- [ABOUT THIS EXERCISE]: From the first line to the last, print the records exactly.

Phrase grounding data:
• • •

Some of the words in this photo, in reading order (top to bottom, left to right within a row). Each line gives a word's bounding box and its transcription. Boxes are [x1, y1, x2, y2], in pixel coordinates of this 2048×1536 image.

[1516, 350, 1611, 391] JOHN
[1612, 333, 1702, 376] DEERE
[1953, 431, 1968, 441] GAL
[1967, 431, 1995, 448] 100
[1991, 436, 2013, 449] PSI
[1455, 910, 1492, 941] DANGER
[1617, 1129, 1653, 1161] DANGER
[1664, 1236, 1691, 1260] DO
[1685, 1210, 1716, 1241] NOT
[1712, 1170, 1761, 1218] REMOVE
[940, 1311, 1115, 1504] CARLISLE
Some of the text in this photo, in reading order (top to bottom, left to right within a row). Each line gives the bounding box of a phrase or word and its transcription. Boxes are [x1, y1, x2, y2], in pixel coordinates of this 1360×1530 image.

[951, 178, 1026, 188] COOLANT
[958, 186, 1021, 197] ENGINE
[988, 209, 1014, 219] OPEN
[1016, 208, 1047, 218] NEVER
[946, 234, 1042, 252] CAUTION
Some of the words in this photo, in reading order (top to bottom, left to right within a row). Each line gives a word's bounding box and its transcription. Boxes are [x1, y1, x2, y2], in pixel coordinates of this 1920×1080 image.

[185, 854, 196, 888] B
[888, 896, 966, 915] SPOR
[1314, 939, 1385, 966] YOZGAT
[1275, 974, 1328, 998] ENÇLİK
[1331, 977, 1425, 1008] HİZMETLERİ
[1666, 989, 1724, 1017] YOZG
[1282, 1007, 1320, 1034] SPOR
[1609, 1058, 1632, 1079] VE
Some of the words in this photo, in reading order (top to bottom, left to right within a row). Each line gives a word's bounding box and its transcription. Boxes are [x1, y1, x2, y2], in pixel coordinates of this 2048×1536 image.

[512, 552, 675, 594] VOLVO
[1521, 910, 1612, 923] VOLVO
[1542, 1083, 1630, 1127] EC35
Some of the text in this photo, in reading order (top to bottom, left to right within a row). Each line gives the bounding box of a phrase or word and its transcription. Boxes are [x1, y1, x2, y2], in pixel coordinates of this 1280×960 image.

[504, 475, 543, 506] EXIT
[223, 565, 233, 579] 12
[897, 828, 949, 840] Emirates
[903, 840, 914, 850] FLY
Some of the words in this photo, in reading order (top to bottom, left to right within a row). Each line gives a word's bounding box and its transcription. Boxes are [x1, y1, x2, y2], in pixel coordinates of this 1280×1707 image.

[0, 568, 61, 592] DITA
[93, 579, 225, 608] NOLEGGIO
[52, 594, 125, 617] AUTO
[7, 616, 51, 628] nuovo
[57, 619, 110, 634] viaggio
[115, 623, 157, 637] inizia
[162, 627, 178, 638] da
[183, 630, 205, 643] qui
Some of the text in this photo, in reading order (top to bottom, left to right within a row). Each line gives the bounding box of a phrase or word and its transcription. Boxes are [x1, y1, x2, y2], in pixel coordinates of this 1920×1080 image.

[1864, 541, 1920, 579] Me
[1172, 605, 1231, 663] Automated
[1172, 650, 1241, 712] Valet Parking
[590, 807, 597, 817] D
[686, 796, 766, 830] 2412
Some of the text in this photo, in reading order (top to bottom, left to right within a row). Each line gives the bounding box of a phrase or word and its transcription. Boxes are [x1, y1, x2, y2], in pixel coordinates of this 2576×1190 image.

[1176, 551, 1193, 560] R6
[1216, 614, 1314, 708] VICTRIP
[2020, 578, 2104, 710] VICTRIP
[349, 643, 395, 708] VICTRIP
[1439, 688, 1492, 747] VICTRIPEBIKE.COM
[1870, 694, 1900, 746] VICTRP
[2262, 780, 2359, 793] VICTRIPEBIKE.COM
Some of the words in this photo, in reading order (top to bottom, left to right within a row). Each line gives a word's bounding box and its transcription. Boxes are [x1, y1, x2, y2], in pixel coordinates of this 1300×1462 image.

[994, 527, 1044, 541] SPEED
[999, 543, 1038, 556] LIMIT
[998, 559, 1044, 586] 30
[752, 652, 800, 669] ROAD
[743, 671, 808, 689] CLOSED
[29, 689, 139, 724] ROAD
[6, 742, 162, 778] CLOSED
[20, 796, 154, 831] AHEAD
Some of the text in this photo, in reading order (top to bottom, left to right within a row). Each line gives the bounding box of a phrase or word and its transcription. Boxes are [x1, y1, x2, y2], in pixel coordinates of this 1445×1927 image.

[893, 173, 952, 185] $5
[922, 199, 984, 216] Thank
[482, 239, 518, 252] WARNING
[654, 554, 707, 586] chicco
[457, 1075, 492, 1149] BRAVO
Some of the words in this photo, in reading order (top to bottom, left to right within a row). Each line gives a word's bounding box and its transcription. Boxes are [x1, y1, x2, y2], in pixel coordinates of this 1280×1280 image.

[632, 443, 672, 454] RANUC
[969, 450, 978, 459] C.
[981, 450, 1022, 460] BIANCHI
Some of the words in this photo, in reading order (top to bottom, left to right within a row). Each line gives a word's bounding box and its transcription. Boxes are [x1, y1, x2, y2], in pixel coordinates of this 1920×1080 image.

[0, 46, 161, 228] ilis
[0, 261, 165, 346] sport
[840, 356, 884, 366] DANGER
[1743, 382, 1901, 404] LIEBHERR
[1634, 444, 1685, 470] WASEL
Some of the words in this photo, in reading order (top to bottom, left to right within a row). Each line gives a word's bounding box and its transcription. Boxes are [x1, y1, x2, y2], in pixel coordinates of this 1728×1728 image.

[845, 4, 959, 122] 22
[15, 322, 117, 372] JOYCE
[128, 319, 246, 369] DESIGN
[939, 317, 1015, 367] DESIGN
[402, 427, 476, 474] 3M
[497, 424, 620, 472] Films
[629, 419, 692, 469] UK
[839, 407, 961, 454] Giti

• • •

- [YOUR RESPONSE]:
Some of the words in this photo, in reading order (top to bottom, left to right within a row). Each line gives a word's bounding box and its transcription. Boxes are [x1, y1, x2, y2], in pixel coordinates of this 2048×1536 image.

[1516, 350, 1611, 391] JOHN
[1612, 333, 1702, 376] DEERE
[1953, 431, 1968, 441] GAL
[1967, 431, 1995, 448] 100
[1991, 436, 2013, 449] PSI
[1455, 910, 1492, 941] DANGER
[1617, 1129, 1653, 1161] DANGER
[1664, 1236, 1691, 1260] DO
[1685, 1210, 1716, 1241] NOT
[1712, 1170, 1761, 1218] REMOVE
[940, 1311, 1115, 1504] CARLISLE
Some of the text in this photo, in reading order (top to bottom, left to right within a row). Each line gives the bounding box of a phrase or word and its transcription. Boxes are [x1, y1, x2, y2], in pixel coordinates of this 1360×1530 image.

[951, 178, 1026, 188] COOLANT
[958, 186, 1021, 197] ENGINE
[988, 209, 1014, 219] OPEN
[1016, 208, 1047, 218] NEVER
[946, 234, 1042, 252] CAUTION
Some of the words in this photo, in reading order (top to bottom, left to right within a row). Each line gives a word's bounding box and its transcription. Boxes are [x1, y1, x2, y2], in pixel coordinates of this 1920×1080 image.

[185, 854, 196, 888] B
[888, 896, 966, 915] SPOR
[1314, 939, 1385, 966] YOZGAT
[1275, 974, 1328, 998] ENÇLİK
[1331, 977, 1425, 1008] HİZMETLERİ
[1666, 989, 1724, 1017] YOZG
[1282, 1007, 1320, 1034] SPOR
[1609, 1058, 1632, 1079] VE
Some of the words in this photo, in reading order (top to bottom, left to right within a row). Each line gives a word's bounding box and its transcription. Boxes are [x1, y1, x2, y2], in pixel coordinates of this 2048×1536 image.

[512, 552, 675, 594] VOLVO
[1521, 910, 1612, 923] VOLVO
[1542, 1083, 1630, 1127] EC35
Some of the text in this photo, in reading order (top to bottom, left to right within a row). Each line gives the bounding box of a phrase or word and its transcription. Boxes are [x1, y1, x2, y2], in pixel coordinates of this 1280×960 image.

[504, 475, 543, 506] EXIT
[223, 565, 233, 579] 12
[897, 828, 949, 840] Emirates
[903, 840, 914, 850] FLY
Some of the words in this photo, in reading order (top to bottom, left to right within a row). Each line gives a word's bounding box and its transcription. Boxes are [x1, y1, x2, y2], in pixel coordinates of this 1280×1707 image.

[0, 568, 61, 592] DITA
[93, 579, 225, 608] NOLEGGIO
[52, 594, 125, 617] AUTO
[7, 616, 51, 628] nuovo
[57, 619, 110, 634] viaggio
[115, 623, 157, 637] inizia
[162, 627, 178, 638] da
[183, 630, 205, 643] qui
Some of the text in this photo, in reading order (top to bottom, left to right within a row). Each line gives the bounding box of a phrase or word and its transcription. Boxes are [x1, y1, x2, y2], in pixel coordinates of this 1920×1080 image.

[1864, 541, 1920, 579] Me
[1172, 605, 1231, 663] Automated
[1172, 650, 1241, 712] Valet Parking
[590, 807, 597, 817] D
[686, 796, 766, 830] 2412
Some of the text in this photo, in reading order (top to bottom, left to right within a row). Each line gives the bounding box of a phrase or word and its transcription. Boxes are [x1, y1, x2, y2], in pixel coordinates of this 2576×1190 image.

[1176, 551, 1193, 560] R6
[1216, 614, 1314, 708] VICTRIP
[2020, 578, 2104, 710] VICTRIP
[349, 643, 395, 708] VICTRIP
[1439, 688, 1492, 747] VICTRIPEBIKE.COM
[1870, 694, 1900, 746] VICTRP
[2262, 780, 2359, 793] VICTRIPEBIKE.COM
Some of the words in this photo, in reading order (top to bottom, left to right within a row). Each line gives a word's bounding box and its transcription. Boxes are [x1, y1, x2, y2], in pixel coordinates of this 1300×1462 image.

[994, 527, 1044, 541] SPEED
[999, 543, 1038, 556] LIMIT
[998, 559, 1044, 586] 30
[752, 652, 800, 669] ROAD
[743, 671, 808, 689] CLOSED
[29, 689, 139, 724] ROAD
[6, 742, 162, 778] CLOSED
[20, 796, 154, 831] AHEAD
Some of the text in this photo, in reading order (top to bottom, left to right within a row). Each line gives the bounding box of a phrase or word and its transcription. Boxes are [x1, y1, x2, y2], in pixel coordinates of this 1445×1927 image.

[893, 173, 952, 185] $5
[922, 199, 984, 216] Thank
[482, 239, 518, 252] WARNING
[654, 554, 707, 586] chicco
[457, 1075, 492, 1149] BRAVO
Some of the words in this photo, in reading order (top to bottom, left to right within a row). Each line gives a word's bounding box and its transcription. Boxes are [x1, y1, x2, y2], in pixel coordinates of this 1280×1280 image.

[632, 443, 672, 454] RANUC
[969, 450, 978, 459] C.
[981, 450, 1022, 460] BIANCHI
Some of the words in this photo, in reading order (top to bottom, left to right within a row). Each line gives a word's bounding box and its transcription. Boxes are [x1, y1, x2, y2], in pixel coordinates of this 1920×1080 image.

[0, 46, 161, 228] ilis
[0, 261, 165, 346] sport
[840, 356, 884, 366] DANGER
[1743, 382, 1901, 404] LIEBHERR
[1634, 444, 1685, 470] WASEL
Some of the words in this photo, in reading order (top to bottom, left to right within a row). Each line gives a word's bounding box and its transcription. Boxes are [x1, y1, x2, y2], in pixel coordinates of this 1728×1728 image.

[845, 4, 959, 122] 22
[15, 322, 117, 372] JOYCE
[128, 319, 246, 369] DESIGN
[939, 317, 1015, 367] DESIGN
[402, 427, 476, 474] 3M
[497, 424, 620, 472] Films
[629, 419, 692, 469] UK
[839, 407, 961, 454] Giti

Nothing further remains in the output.